- [AIM OF THE EXERCISE]: Repeat what the lines below say, word for word, and skip every image.

[Stored data entries]
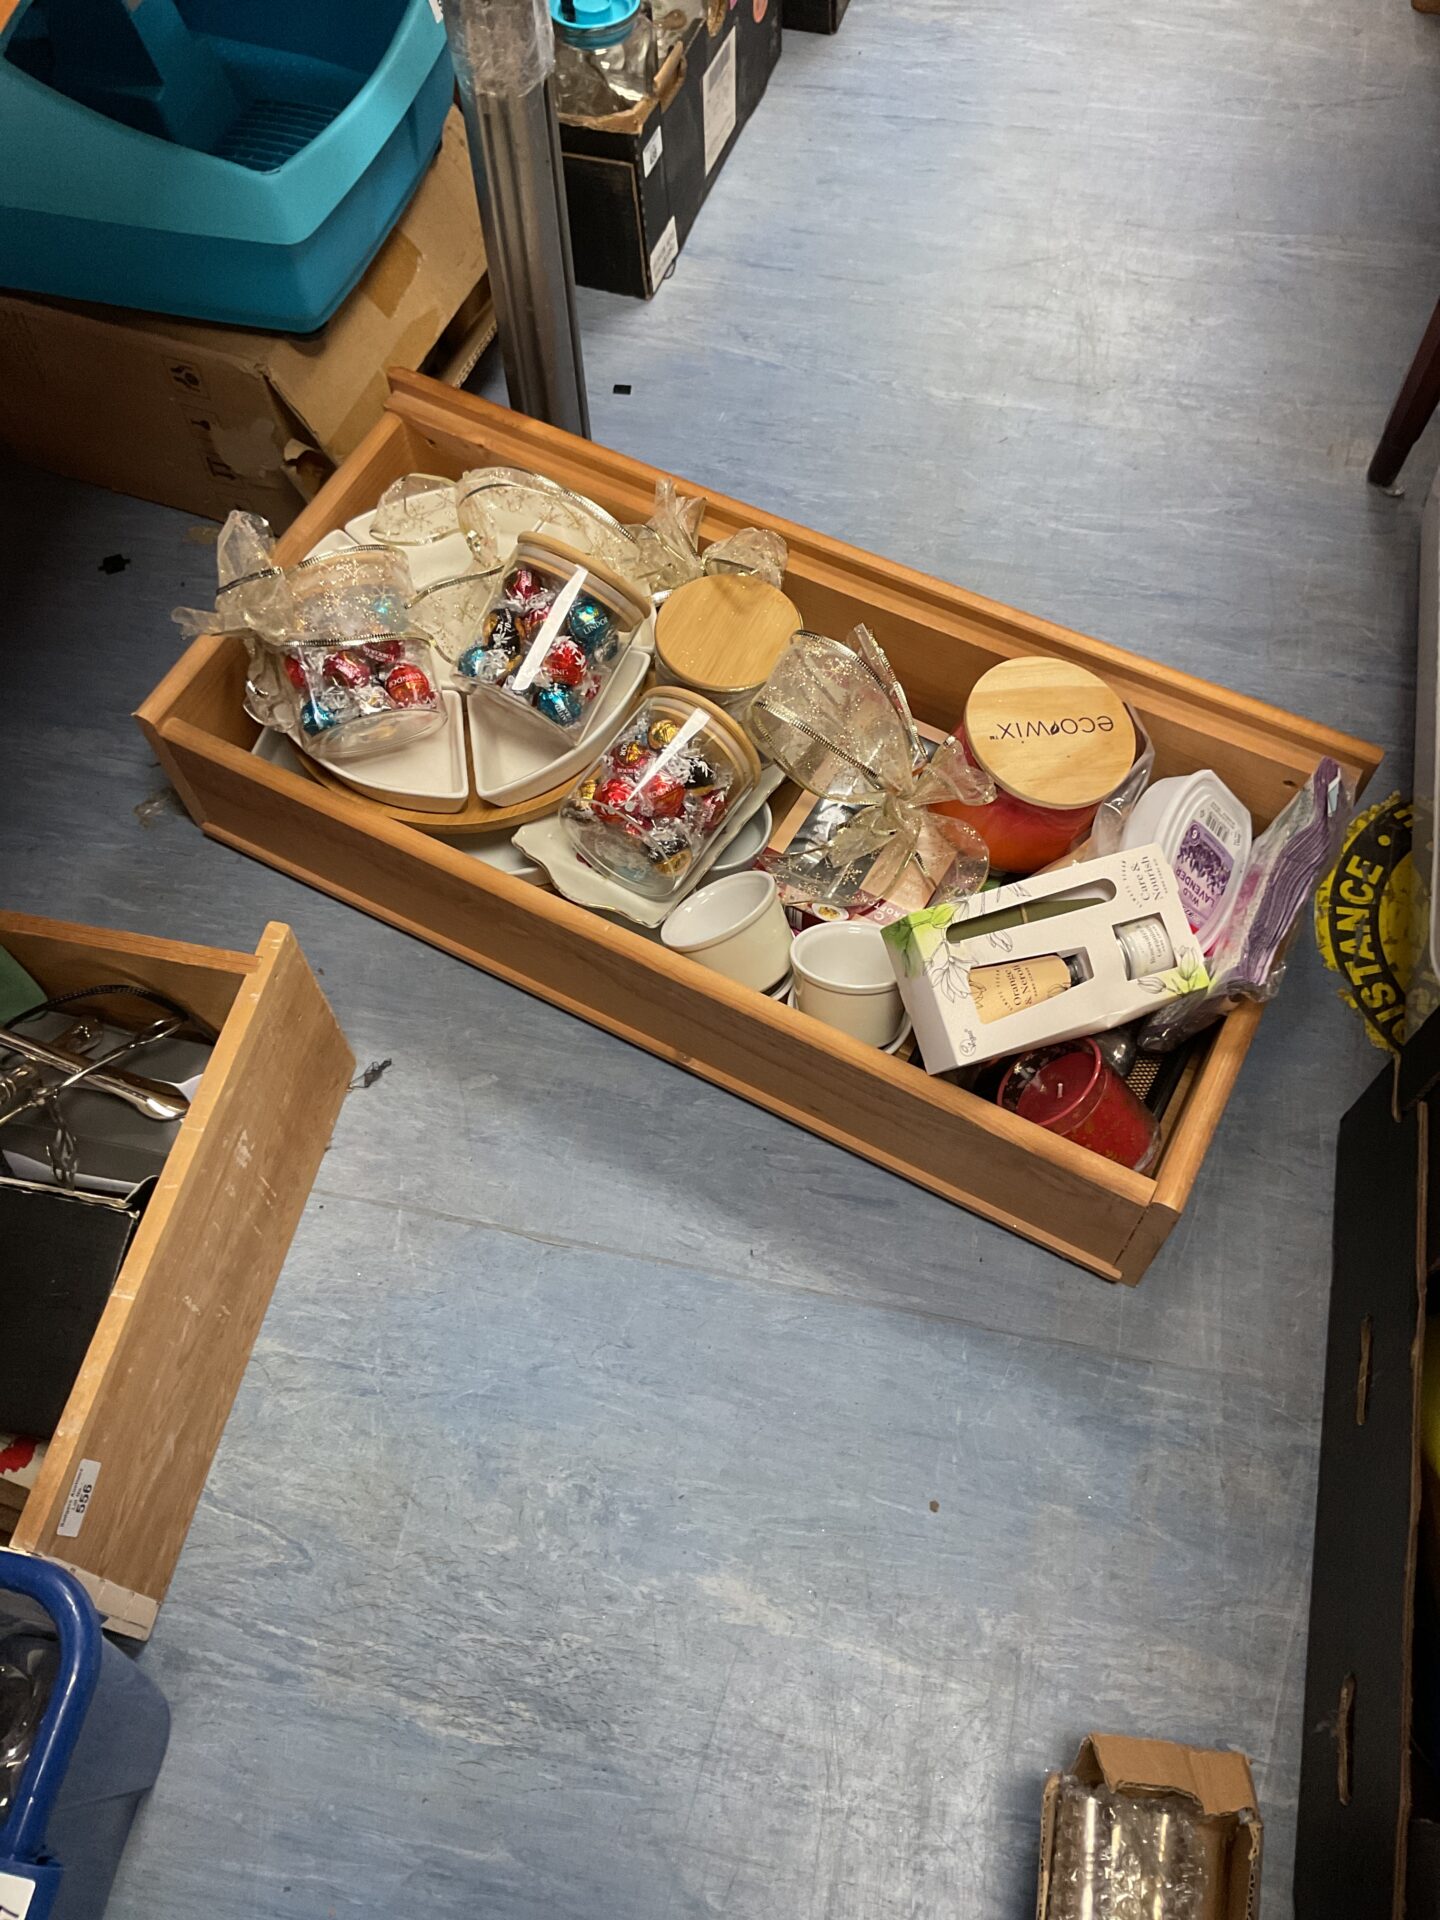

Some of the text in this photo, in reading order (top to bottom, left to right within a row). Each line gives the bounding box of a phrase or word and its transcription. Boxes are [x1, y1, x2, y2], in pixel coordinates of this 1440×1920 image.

[1137, 874, 1151, 901] Care
[1141, 856, 1164, 901] Nourish
[1176, 868, 1216, 908] LAVENDER
[1005, 969, 1022, 1006] Orange
[1014, 964, 1031, 995] Neroli
[76, 1484, 92, 1514] 556

- [YOUR RESPONSE]:
Some of the text in this photo, in reading order (top to bottom, left to right within a row). Each line gives the bounding box of a phrase or word and its transcription. Boxes are [x1, y1, x2, y2], in pixel coordinates of this 1440×1920 image.

[1137, 874, 1151, 901] Care
[1141, 856, 1164, 901] Nourish
[1176, 868, 1216, 908] LAVENDER
[1005, 969, 1022, 1006] Orange
[1014, 964, 1031, 995] Neroli
[76, 1484, 92, 1514] 556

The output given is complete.